__WORK ITEM__:
Make an exact copy of each entry, leaving out every picture.

Records contained in a dataset
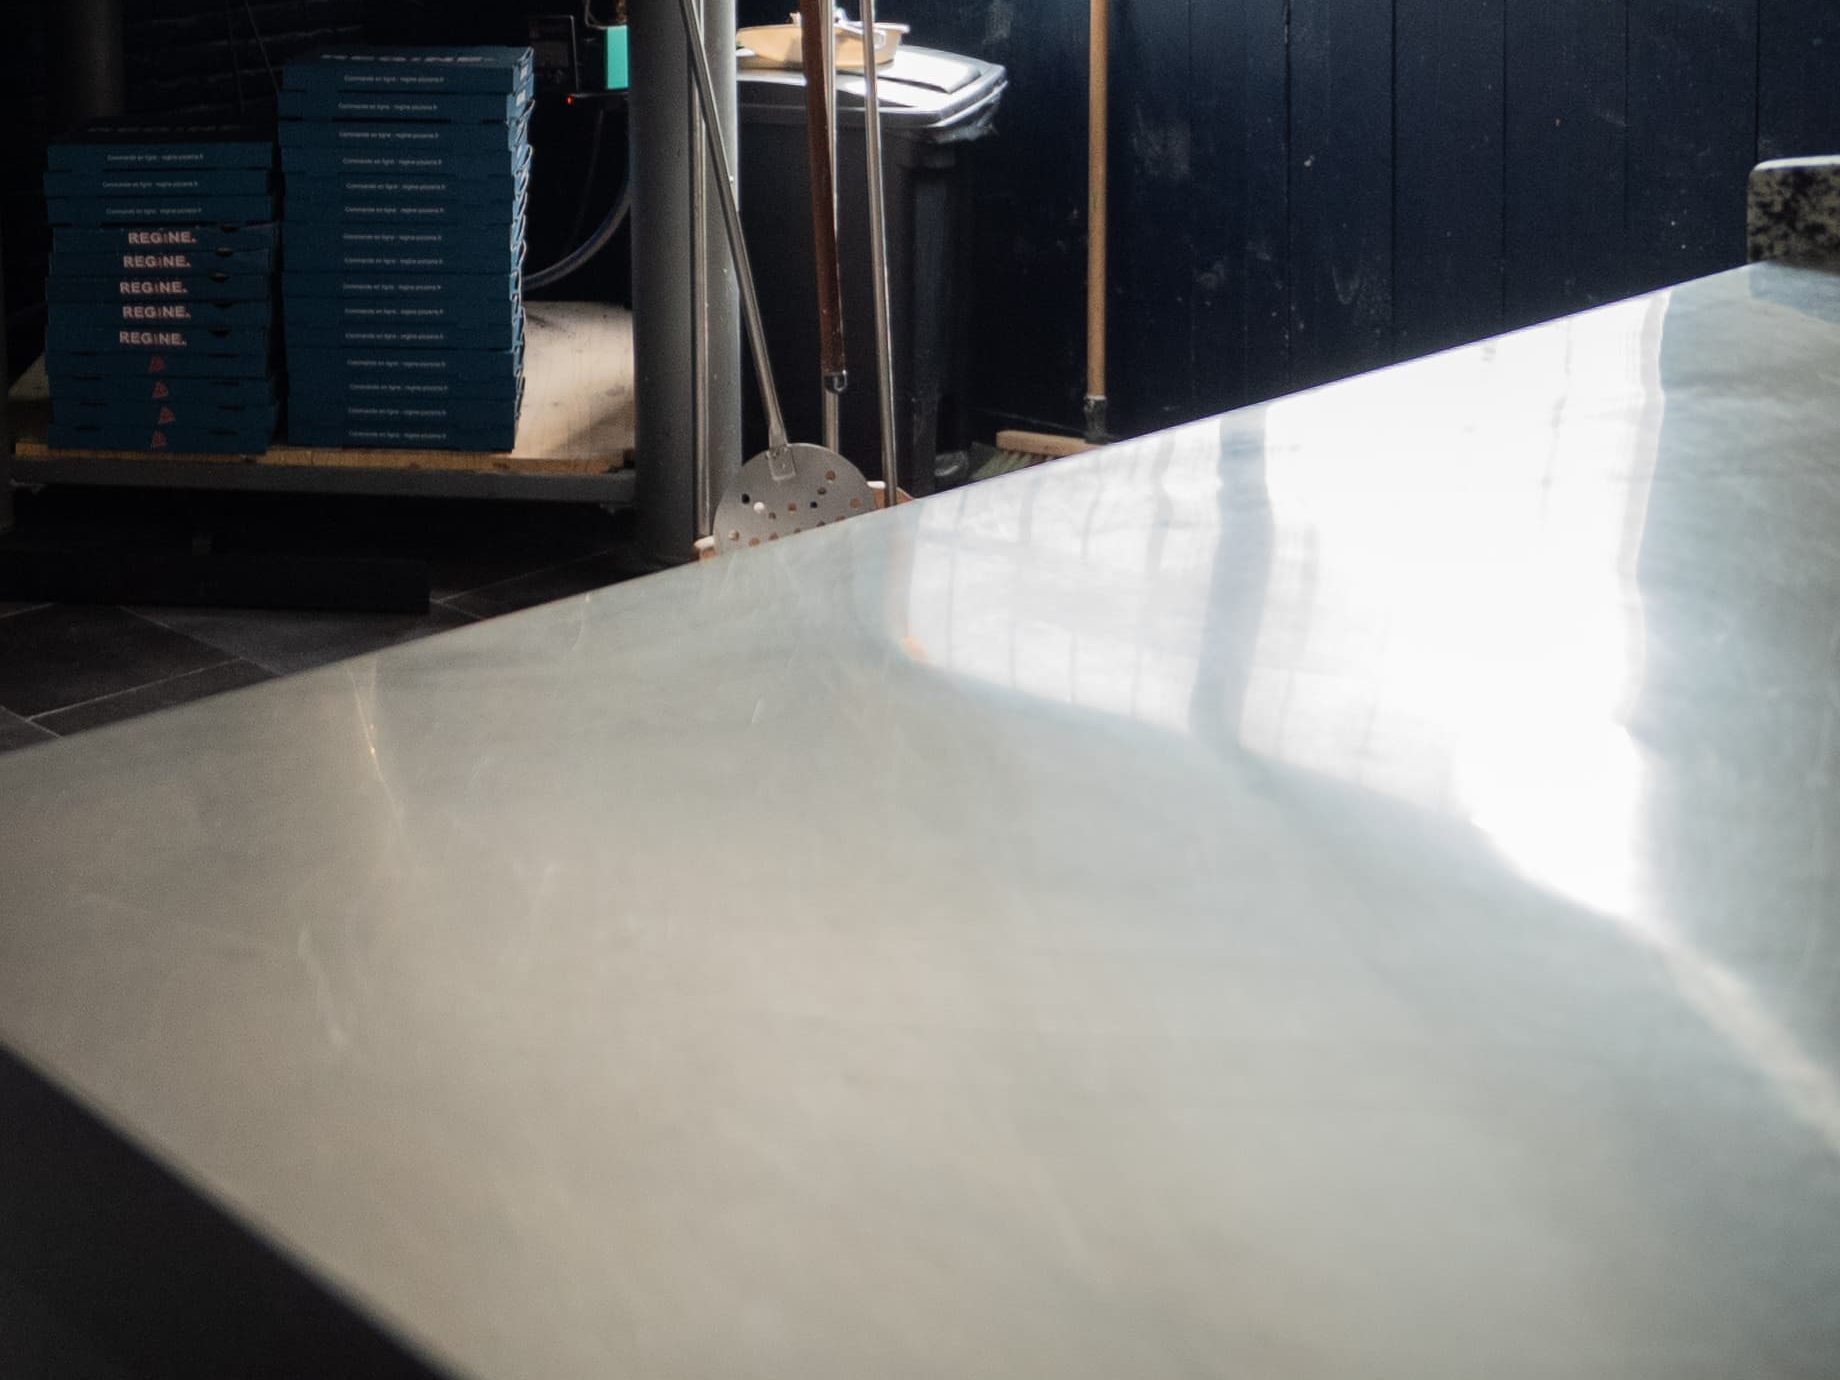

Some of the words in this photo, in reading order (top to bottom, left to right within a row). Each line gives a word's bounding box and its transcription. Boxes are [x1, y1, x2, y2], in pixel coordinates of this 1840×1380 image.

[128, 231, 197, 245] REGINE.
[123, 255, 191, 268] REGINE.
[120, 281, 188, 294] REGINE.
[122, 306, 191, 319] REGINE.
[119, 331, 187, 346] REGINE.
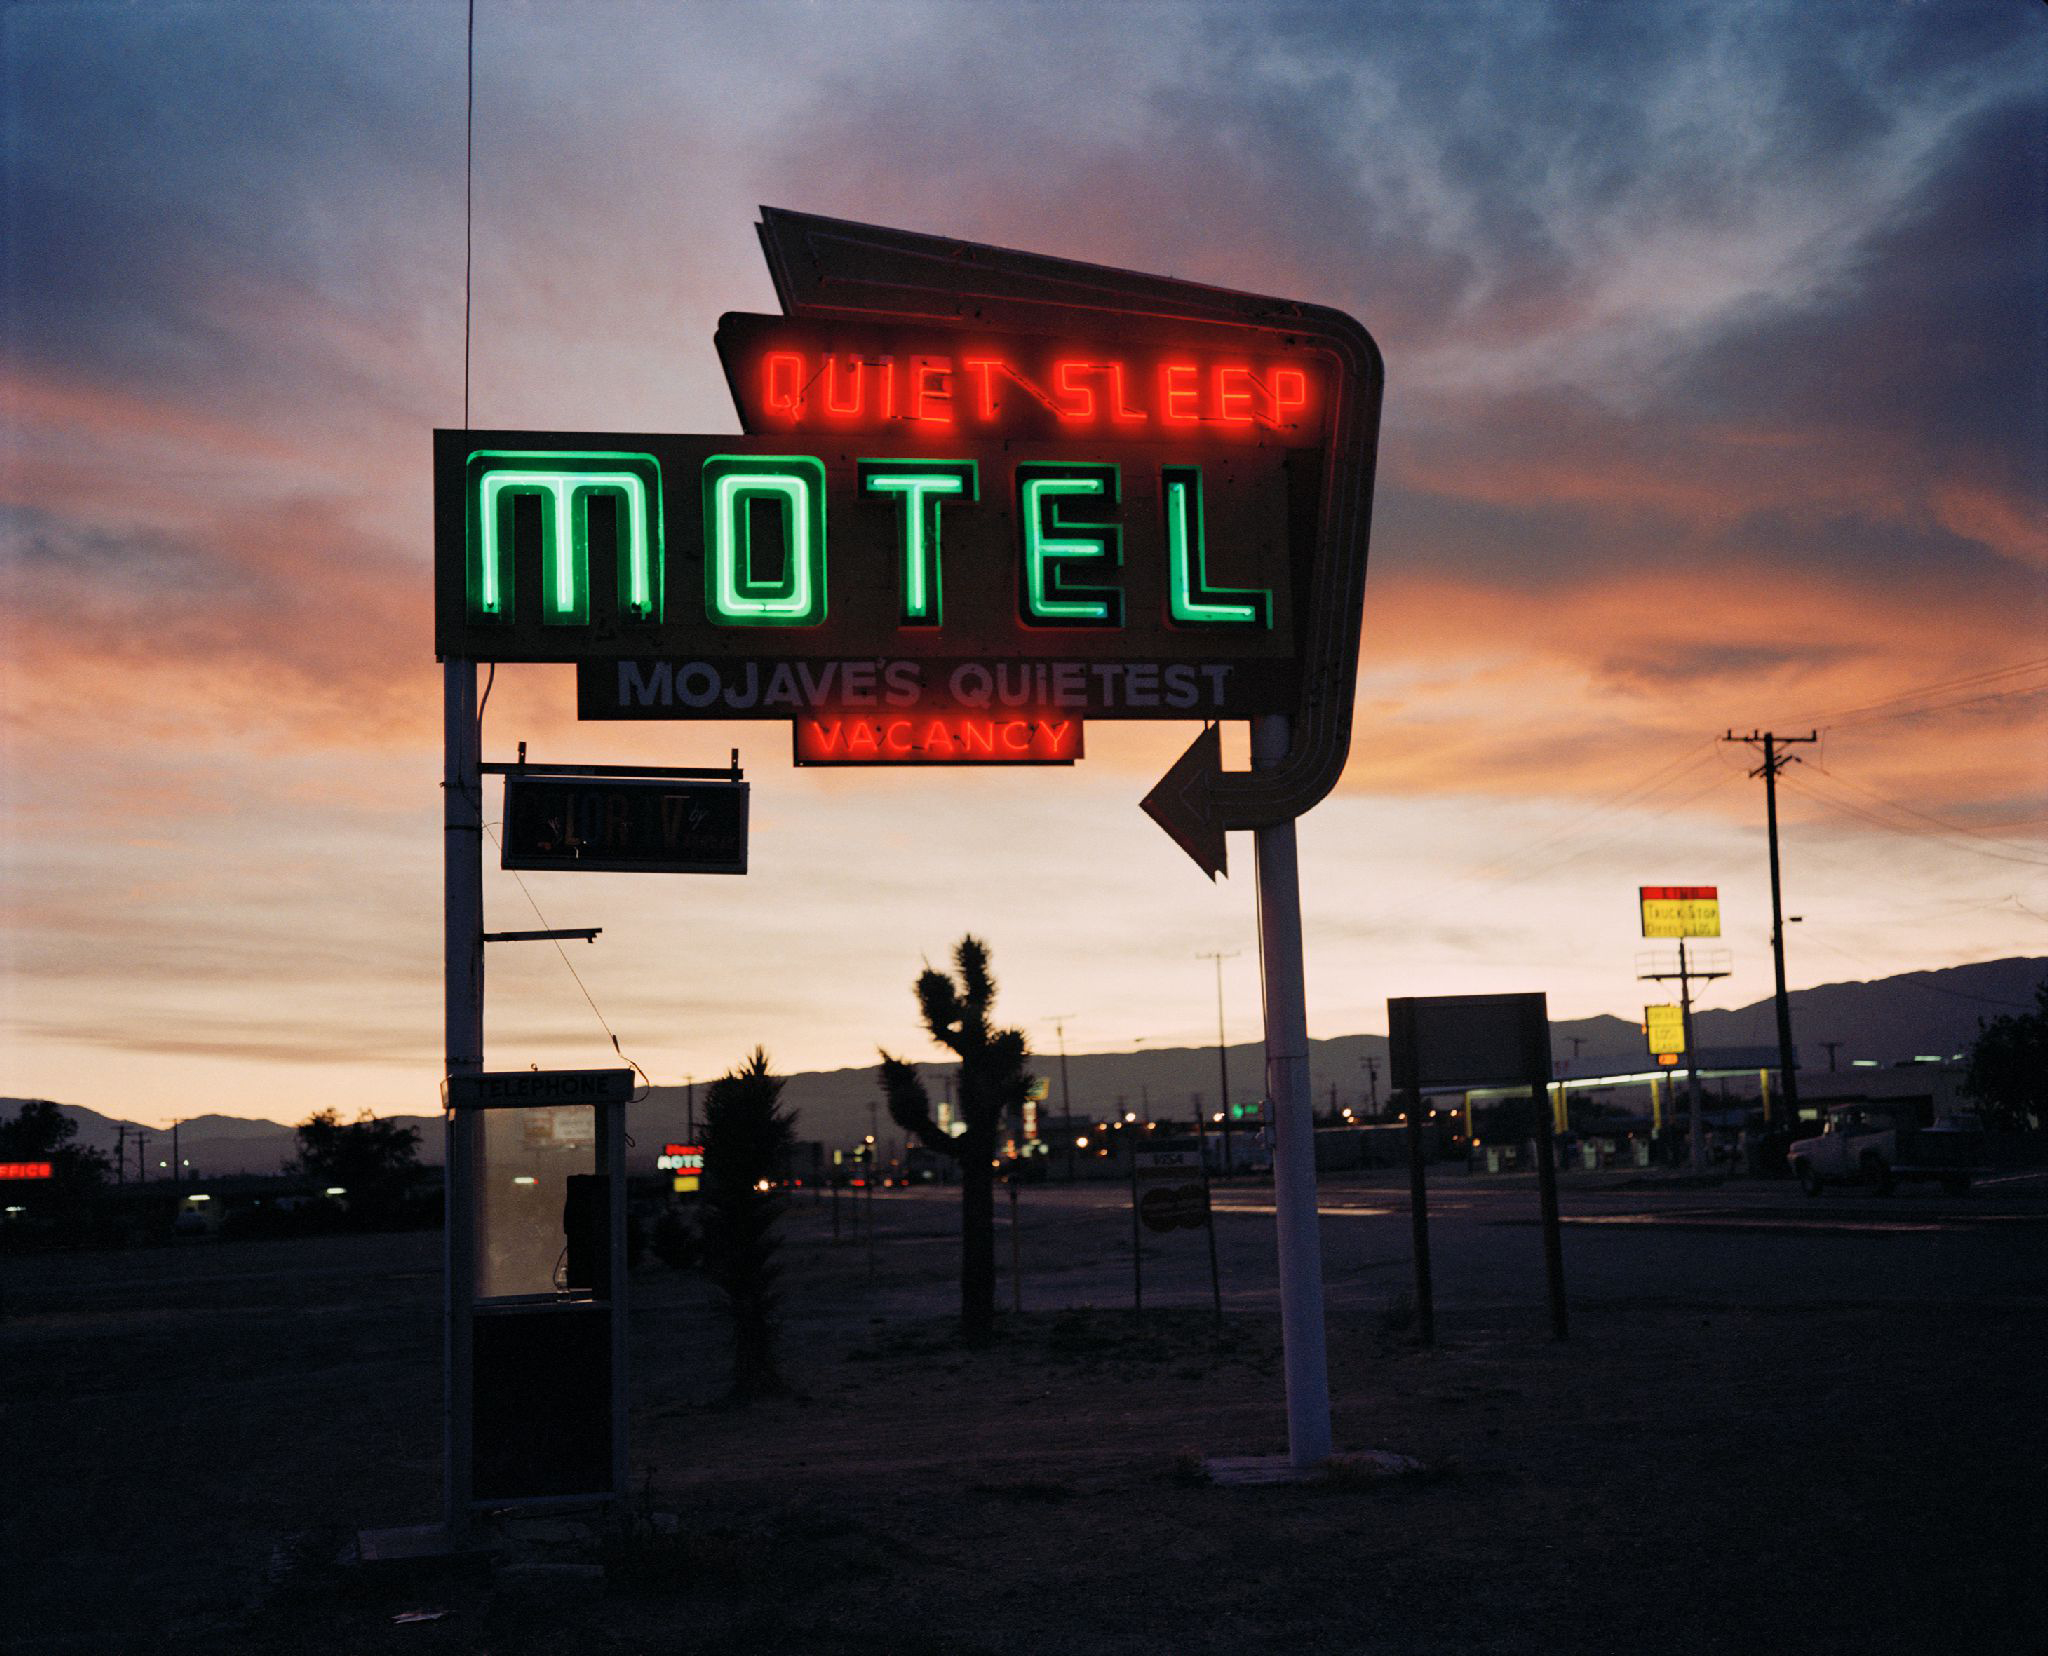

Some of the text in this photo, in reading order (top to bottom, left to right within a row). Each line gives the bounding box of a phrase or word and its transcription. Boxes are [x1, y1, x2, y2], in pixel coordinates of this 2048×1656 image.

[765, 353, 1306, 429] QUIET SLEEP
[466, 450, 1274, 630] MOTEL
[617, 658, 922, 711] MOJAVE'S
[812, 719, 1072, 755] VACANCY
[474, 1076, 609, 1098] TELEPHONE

__OUTPUT OF THE TASK__:
Some of the words in this photo, in reading order (top to bottom, left to right within a row). Each line gives a word's bounding box and its transcription. Boxes are [x1, y1, x2, y2], in pixel coordinates of this 1840×1380 image.

[128, 231, 197, 245] REGINE.
[123, 255, 191, 268] REGINE.
[120, 281, 188, 294] REGINE.
[122, 306, 191, 319] REGINE.
[119, 331, 187, 346] REGINE.

Some of the text in this photo, in reading order (top to bottom, left to right within a row). Each line gives the bounding box of a phrase or word and its transcription. Boxes are [x1, y1, x2, y2], in pixel coordinates of this 2048×1656 image.

[765, 353, 1306, 429] QUIET SLEEP
[466, 450, 1274, 630] MOTEL
[617, 658, 922, 711] MOJAVE'S
[812, 719, 1072, 755] VACANCY
[474, 1076, 609, 1098] TELEPHONE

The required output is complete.